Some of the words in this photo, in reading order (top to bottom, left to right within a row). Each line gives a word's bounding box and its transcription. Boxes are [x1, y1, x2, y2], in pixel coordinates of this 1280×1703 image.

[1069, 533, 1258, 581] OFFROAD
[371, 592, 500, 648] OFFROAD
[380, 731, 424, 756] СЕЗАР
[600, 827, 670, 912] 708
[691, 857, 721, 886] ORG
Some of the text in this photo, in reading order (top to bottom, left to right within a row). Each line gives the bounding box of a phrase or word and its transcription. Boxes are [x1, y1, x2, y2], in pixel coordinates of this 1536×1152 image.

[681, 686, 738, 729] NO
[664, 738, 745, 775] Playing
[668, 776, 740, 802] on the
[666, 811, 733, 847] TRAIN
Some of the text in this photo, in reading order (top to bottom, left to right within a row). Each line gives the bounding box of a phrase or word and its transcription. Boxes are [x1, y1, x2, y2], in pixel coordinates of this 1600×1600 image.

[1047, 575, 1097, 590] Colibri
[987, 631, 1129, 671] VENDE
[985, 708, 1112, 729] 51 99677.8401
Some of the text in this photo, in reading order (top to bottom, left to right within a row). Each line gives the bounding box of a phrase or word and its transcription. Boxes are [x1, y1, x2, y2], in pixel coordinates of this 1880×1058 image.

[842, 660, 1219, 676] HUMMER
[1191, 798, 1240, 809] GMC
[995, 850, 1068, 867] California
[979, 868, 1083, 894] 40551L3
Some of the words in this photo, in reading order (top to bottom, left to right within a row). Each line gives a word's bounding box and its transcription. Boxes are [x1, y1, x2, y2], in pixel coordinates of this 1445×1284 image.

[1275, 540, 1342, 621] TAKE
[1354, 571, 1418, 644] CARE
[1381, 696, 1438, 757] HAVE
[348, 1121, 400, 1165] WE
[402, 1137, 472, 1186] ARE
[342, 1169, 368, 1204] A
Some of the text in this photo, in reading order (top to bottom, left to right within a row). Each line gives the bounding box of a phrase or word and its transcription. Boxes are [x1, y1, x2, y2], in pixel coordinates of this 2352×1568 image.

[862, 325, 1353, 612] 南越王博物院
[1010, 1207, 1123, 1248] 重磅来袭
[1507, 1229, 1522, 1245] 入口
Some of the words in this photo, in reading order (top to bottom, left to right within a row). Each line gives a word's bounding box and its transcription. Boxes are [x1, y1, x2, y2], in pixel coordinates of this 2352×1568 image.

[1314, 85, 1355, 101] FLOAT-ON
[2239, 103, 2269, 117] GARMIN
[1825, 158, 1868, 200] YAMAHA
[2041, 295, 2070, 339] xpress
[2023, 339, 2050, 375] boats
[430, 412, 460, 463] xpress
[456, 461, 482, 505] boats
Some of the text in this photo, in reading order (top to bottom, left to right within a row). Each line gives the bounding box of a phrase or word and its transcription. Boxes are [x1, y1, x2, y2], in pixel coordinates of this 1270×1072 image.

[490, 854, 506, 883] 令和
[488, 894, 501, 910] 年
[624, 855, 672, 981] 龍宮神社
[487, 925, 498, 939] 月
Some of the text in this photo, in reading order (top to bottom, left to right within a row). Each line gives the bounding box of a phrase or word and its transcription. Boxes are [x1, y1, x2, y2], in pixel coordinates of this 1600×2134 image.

----

● **WHAT IS BEING ASKED**
Give back all the records above exactly. Keep every word.

● **REPLY TO THE EXERCISE**
Some of the words in this photo, in reading order (top to bottom, left to right within a row). Each line gives a word's bounding box and its transcription. Boxes are [x1, y1, x2, y2], in pixel coordinates of this 1280×1703 image.

[1069, 533, 1258, 581] OFFROAD
[371, 592, 500, 648] OFFROAD
[380, 731, 424, 756] СЕЗАР
[600, 827, 670, 912] 708
[691, 857, 721, 886] ORG
Some of the text in this photo, in reading order (top to bottom, left to right within a row). Each line gives the bounding box of a phrase or word and its transcription. Boxes are [x1, y1, x2, y2], in pixel coordinates of this 1536×1152 image.

[681, 686, 738, 729] NO
[664, 738, 745, 775] Playing
[668, 776, 740, 802] on the
[666, 811, 733, 847] TRAIN
Some of the text in this photo, in reading order (top to bottom, left to right within a row). Each line gives the bounding box of a phrase or word and its transcription. Boxes are [x1, y1, x2, y2], in pixel coordinates of this 1600×1600 image.

[1047, 575, 1097, 590] Colibri
[987, 631, 1129, 671] VENDE
[985, 708, 1112, 729] 51 99677.8401
Some of the text in this photo, in reading order (top to bottom, left to right within a row). Each line gives the bounding box of a phrase or word and its transcription. Boxes are [x1, y1, x2, y2], in pixel coordinates of this 1880×1058 image.

[842, 660, 1219, 676] HUMMER
[1191, 798, 1240, 809] GMC
[995, 850, 1068, 867] California
[979, 868, 1083, 894] 40551L3
Some of the words in this photo, in reading order (top to bottom, left to right within a row). Each line gives a word's bounding box and its transcription. Boxes are [x1, y1, x2, y2], in pixel coordinates of this 1445×1284 image.

[1275, 540, 1342, 621] TAKE
[1354, 571, 1418, 644] CARE
[1381, 696, 1438, 757] HAVE
[348, 1121, 400, 1165] WE
[402, 1137, 472, 1186] ARE
[342, 1169, 368, 1204] A
Some of the text in this photo, in reading order (top to bottom, left to right within a row). Each line gives the bounding box of a phrase or word and its transcription. Boxes are [x1, y1, x2, y2], in pixel coordinates of this 2352×1568 image.

[862, 325, 1353, 612] 南越王博物院
[1010, 1207, 1123, 1248] 重磅来袭
[1507, 1229, 1522, 1245] 入口
Some of the words in this photo, in reading order (top to bottom, left to right within a row). Each line gives a word's bounding box and its transcription. Boxes are [x1, y1, x2, y2], in pixel coordinates of this 2352×1568 image.

[1314, 85, 1355, 101] FLOAT-ON
[2239, 103, 2269, 117] GARMIN
[1825, 158, 1868, 200] YAMAHA
[2041, 295, 2070, 339] xpress
[2023, 339, 2050, 375] boats
[430, 412, 460, 463] xpress
[456, 461, 482, 505] boats
Some of the text in this photo, in reading order (top to bottom, left to right within a row). Each line gives the bounding box of a phrase or word and its transcription. Boxes are [x1, y1, x2, y2], in pixel coordinates of this 1270×1072 image.

[490, 854, 506, 883] 令和
[488, 894, 501, 910] 年
[624, 855, 672, 981] 龍宮神社
[487, 925, 498, 939] 月
Some of the text in this photo, in reading order (top to bottom, left to right within a row). Each line gives the bounding box of a phrase or word and its transcription. Boxes are [x1, y1, x2, y2], in pixel coordinates of this 1600×2134 image.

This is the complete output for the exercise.